* [Instructions to follow]
An exact retyping of every record is required.

* [Input records]
────

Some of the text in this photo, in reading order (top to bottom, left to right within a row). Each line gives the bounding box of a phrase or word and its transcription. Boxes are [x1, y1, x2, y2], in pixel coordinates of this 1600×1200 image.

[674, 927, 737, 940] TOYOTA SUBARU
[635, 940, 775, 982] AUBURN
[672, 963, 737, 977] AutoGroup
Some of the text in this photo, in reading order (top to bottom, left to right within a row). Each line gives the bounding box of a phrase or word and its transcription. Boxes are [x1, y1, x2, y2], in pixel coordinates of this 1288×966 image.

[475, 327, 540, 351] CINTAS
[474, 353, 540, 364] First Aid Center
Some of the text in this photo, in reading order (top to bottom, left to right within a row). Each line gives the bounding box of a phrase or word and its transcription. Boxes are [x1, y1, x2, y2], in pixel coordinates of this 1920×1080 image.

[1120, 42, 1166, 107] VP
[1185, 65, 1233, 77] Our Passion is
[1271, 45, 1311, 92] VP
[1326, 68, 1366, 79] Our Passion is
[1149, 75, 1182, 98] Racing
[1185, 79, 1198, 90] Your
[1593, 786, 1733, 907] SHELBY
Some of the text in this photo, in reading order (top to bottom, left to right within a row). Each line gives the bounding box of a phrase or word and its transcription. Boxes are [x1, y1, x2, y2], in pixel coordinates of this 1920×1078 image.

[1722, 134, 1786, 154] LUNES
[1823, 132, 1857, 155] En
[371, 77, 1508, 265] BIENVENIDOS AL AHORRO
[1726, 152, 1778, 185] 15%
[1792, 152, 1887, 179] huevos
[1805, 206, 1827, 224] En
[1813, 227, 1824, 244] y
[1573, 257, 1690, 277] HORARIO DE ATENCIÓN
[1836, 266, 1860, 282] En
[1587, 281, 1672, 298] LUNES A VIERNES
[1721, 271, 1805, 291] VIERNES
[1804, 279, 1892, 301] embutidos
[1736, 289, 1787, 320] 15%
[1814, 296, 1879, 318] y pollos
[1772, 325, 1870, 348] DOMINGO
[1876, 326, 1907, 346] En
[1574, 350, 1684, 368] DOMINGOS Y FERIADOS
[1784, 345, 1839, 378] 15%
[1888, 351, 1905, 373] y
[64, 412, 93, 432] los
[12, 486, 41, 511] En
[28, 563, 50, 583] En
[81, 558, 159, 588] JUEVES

────

* [Exercise solution]
Some of the text in this photo, in reading order (top to bottom, left to right within a row). Each line gives the bounding box of a phrase or word and its transcription. Boxes are [x1, y1, x2, y2], in pixel coordinates of this 1600×1200 image.

[674, 927, 737, 940] TOYOTA SUBARU
[635, 940, 775, 982] AUBURN
[672, 963, 737, 977] AutoGroup
Some of the text in this photo, in reading order (top to bottom, left to right within a row). Each line gives the bounding box of a phrase or word and its transcription. Boxes are [x1, y1, x2, y2], in pixel coordinates of this 1288×966 image.

[475, 327, 540, 351] CINTAS
[474, 353, 540, 364] First Aid Center
Some of the text in this photo, in reading order (top to bottom, left to right within a row). Each line gives the bounding box of a phrase or word and its transcription. Boxes are [x1, y1, x2, y2], in pixel coordinates of this 1920×1080 image.

[1120, 42, 1166, 107] VP
[1185, 65, 1233, 77] Our Passion is
[1271, 45, 1311, 92] VP
[1326, 68, 1366, 79] Our Passion is
[1149, 75, 1182, 98] Racing
[1185, 79, 1198, 90] Your
[1593, 786, 1733, 907] SHELBY
Some of the text in this photo, in reading order (top to bottom, left to right within a row). Each line gives the bounding box of a phrase or word and its transcription. Boxes are [x1, y1, x2, y2], in pixel coordinates of this 1920×1078 image.

[1722, 134, 1786, 154] LUNES
[1823, 132, 1857, 155] En
[371, 77, 1508, 265] BIENVENIDOS AL AHORRO
[1726, 152, 1778, 185] 15%
[1792, 152, 1887, 179] huevos
[1805, 206, 1827, 224] En
[1813, 227, 1824, 244] y
[1573, 257, 1690, 277] HORARIO DE ATENCIÓN
[1836, 266, 1860, 282] En
[1587, 281, 1672, 298] LUNES A VIERNES
[1721, 271, 1805, 291] VIERNES
[1804, 279, 1892, 301] embutidos
[1736, 289, 1787, 320] 15%
[1814, 296, 1879, 318] y pollos
[1772, 325, 1870, 348] DOMINGO
[1876, 326, 1907, 346] En
[1574, 350, 1684, 368] DOMINGOS Y FERIADOS
[1784, 345, 1839, 378] 15%
[1888, 351, 1905, 373] y
[64, 412, 93, 432] los
[12, 486, 41, 511] En
[28, 563, 50, 583] En
[81, 558, 159, 588] JUEVES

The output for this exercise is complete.